However, achieving a true “immediate logout” with client-side storage is challenging. You can add an expiration date to the session information or rely on the expiration date of the cookie. Once expired, it can be considered as logging out.
But what if you don’t want to wait for the session to expire and want to log out immediately? If you think about it, you will realize that it is really difficult to achieve with only the session information stored on the client-side.
Even if you delete the client-side cookie by req.session = null
, it only removes it. However, if someone has copied the cookie before, the cookie in their possession will remain valid until the expiration time specified in the session information.

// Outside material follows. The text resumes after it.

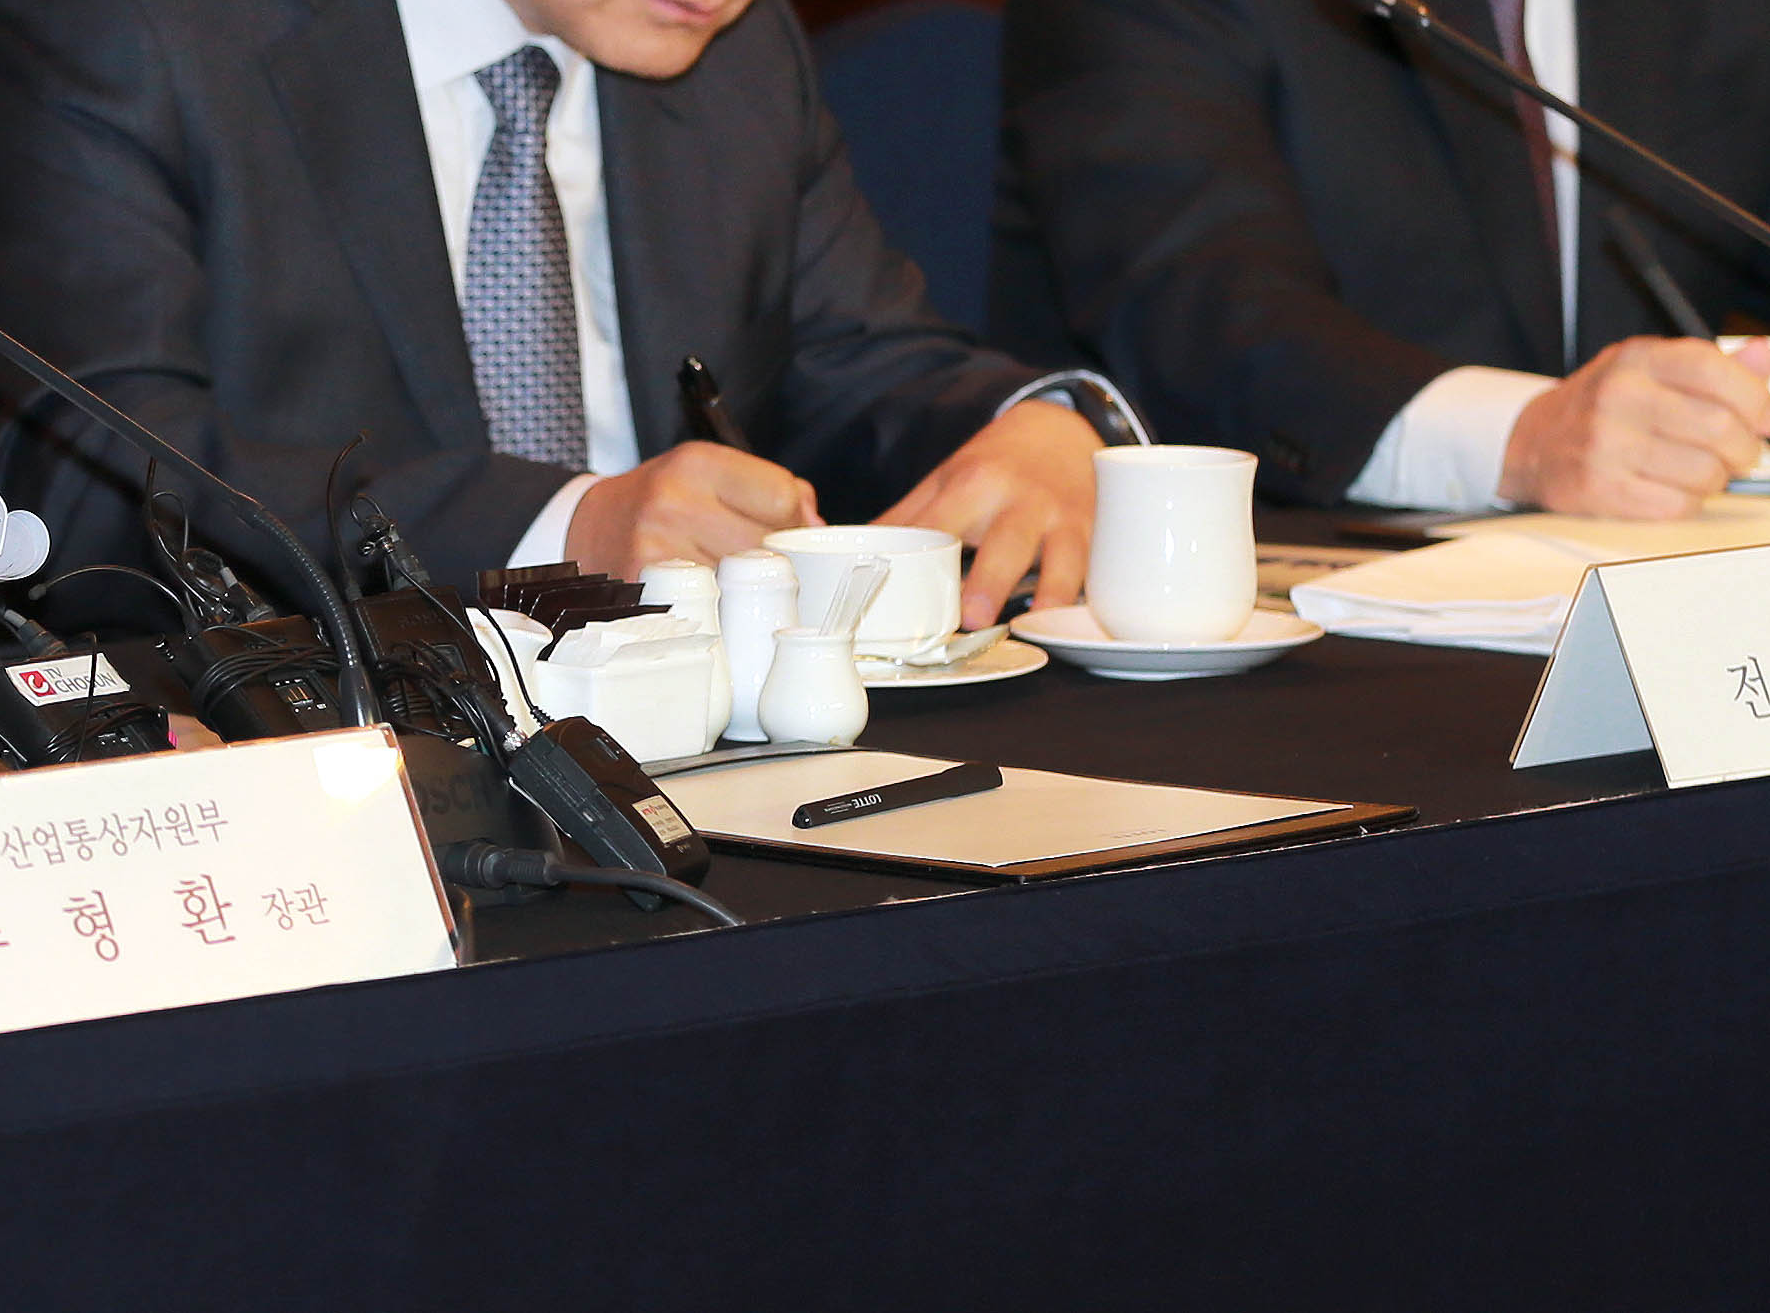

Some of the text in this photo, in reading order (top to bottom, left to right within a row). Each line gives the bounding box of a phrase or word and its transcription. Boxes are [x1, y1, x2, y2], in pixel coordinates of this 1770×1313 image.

The phrase “immediate logout” may sound sensationalist, but what I want to express is that you cannot immediately invalidate a session, which may lead to some risks.
Token
Now that we have covered sessions, let’s talk about the frequently mentioned keyword: token.
If you Google the word “token,” you will see a few familiar images (for those who are older): password generators. In the past, online banking required not only SMS authentication but also a password generator. It displayed a changing password, and you needed to enter the code from the password generator to make a transfer. This is an example of a token in the real world. It is a proof of identity with a string of codes or a digital certificate, just like the luggage example mentioned earlier…
In essence, the functionality of a token is exactly the same as a session ID. It is perfectly fine to refer to a session ID as a session token (Wikipedia even mentions this alias).
The difference lies in the fact that a session ID is typically stored in a cookie and automatically sent with each request, while a token is typically manually included in the request, such as setting the Authorization
header to bearer:<access_token>
.
However, the above statements are generalizations, and there are no strict rules!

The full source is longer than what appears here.